Excerpted records:

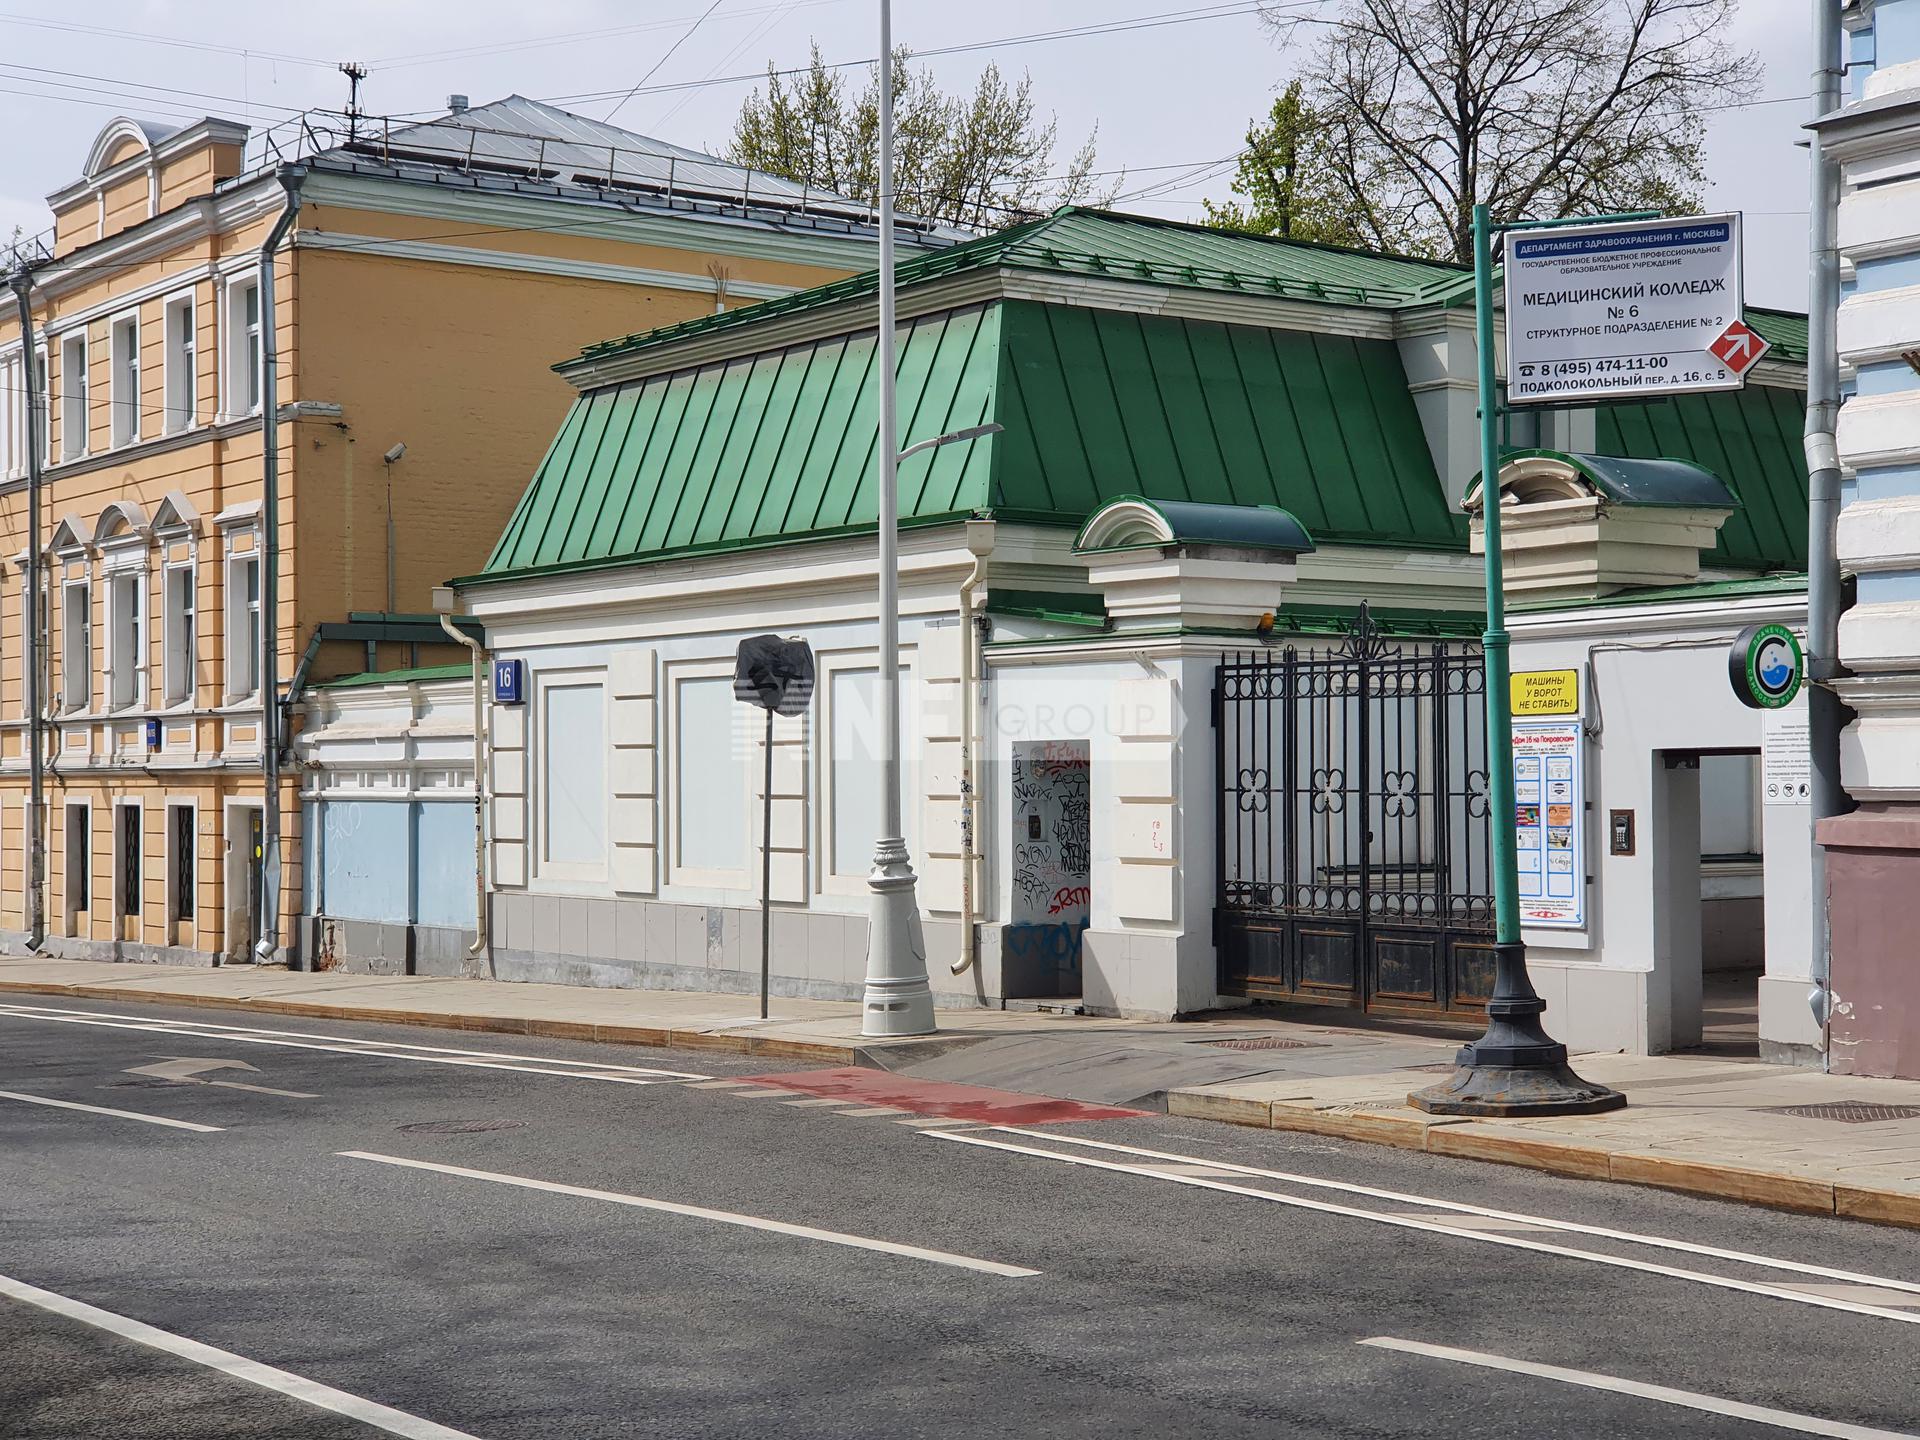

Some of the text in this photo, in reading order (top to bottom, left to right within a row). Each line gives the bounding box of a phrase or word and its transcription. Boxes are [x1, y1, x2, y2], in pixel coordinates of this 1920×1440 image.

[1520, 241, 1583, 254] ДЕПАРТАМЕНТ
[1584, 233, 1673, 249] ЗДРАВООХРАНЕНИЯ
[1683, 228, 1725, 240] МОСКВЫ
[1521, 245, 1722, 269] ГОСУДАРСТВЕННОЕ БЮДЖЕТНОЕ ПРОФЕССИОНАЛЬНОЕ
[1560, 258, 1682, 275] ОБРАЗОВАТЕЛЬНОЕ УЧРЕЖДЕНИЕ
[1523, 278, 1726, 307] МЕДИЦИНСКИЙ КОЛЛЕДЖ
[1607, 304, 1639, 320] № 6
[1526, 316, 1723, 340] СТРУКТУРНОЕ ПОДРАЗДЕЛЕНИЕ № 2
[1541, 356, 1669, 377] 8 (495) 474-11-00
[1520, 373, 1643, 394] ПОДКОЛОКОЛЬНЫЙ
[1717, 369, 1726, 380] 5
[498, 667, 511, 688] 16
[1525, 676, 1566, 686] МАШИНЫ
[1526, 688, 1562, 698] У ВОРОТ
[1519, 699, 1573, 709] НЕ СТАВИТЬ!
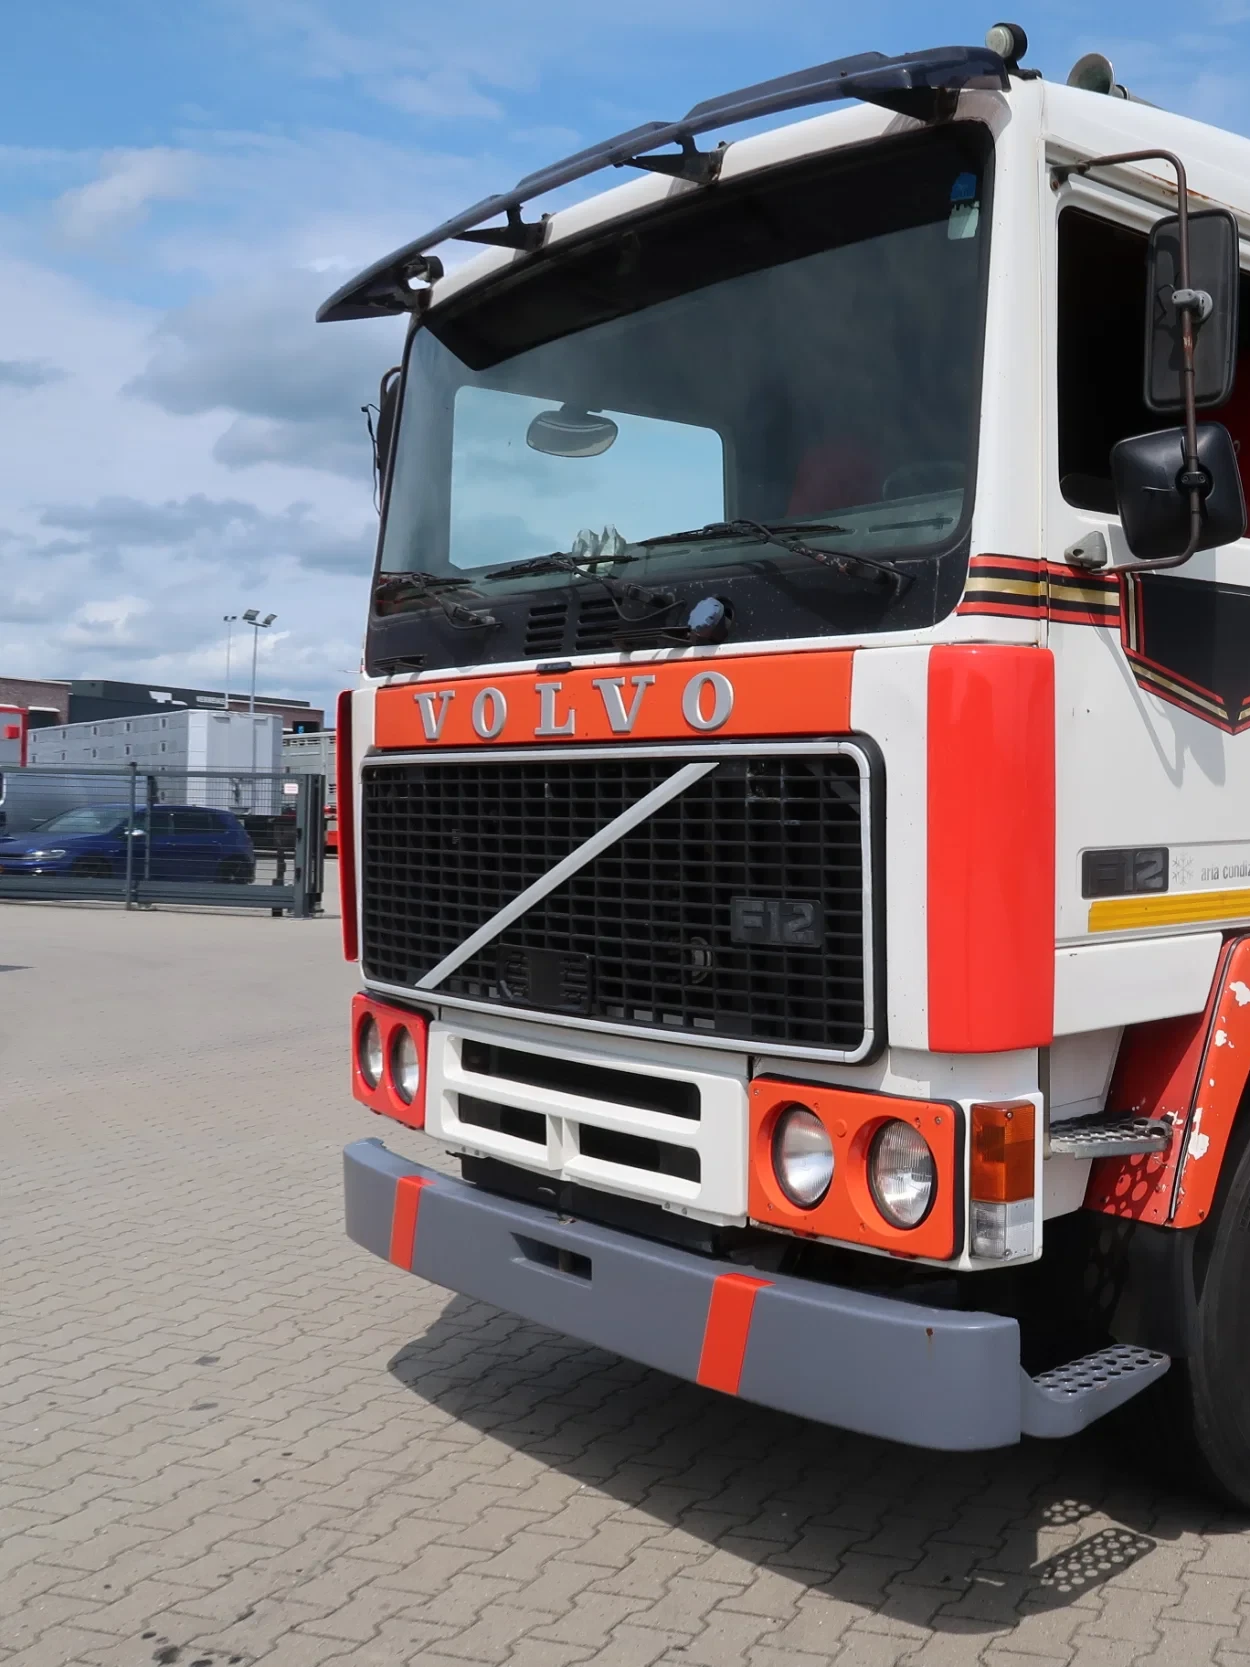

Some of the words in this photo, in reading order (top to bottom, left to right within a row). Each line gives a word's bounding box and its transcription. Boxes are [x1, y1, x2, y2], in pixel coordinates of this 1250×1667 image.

Your objective: What is needed here is an exact copy of every record, with the pictures left out.

Answer:
Some of the text in this photo, in reading order (top to bottom, left to right within a row). Each line gives the bounding box of a phrase or word and its transcription. Boxes are [x1, y1, x2, y2], in pixel coordinates of this 1920×1440 image.

[1520, 241, 1583, 254] ДЕПАРТАМЕНТ
[1584, 233, 1673, 249] ЗДРАВООХРАНЕНИЯ
[1683, 228, 1725, 240] МОСКВЫ
[1521, 245, 1722, 269] ГОСУДАРСТВЕННОЕ БЮДЖЕТНОЕ ПРОФЕССИОНАЛЬНОЕ
[1560, 258, 1682, 275] ОБРАЗОВАТЕЛЬНОЕ УЧРЕЖДЕНИЕ
[1523, 278, 1726, 307] МЕДИЦИНСКИЙ КОЛЛЕДЖ
[1607, 304, 1639, 320] № 6
[1526, 316, 1723, 340] СТРУКТУРНОЕ ПОДРАЗДЕЛЕНИЕ № 2
[1541, 356, 1669, 377] 8 (495) 474-11-00
[1520, 373, 1643, 394] ПОДКОЛОКОЛЬНЫЙ
[1717, 369, 1726, 380] 5
[498, 667, 511, 688] 16
[1525, 676, 1566, 686] МАШИНЫ
[1526, 688, 1562, 698] У ВОРОТ
[1519, 699, 1573, 709] НЕ СТАВИТЬ!

Some of the words in this photo, in reading order (top to bottom, left to right within a row). Each line gives a word's bounding box and its transcription. Boxes are [x1, y1, x2, y2], in pixel coordinates of this 1250×1667 image.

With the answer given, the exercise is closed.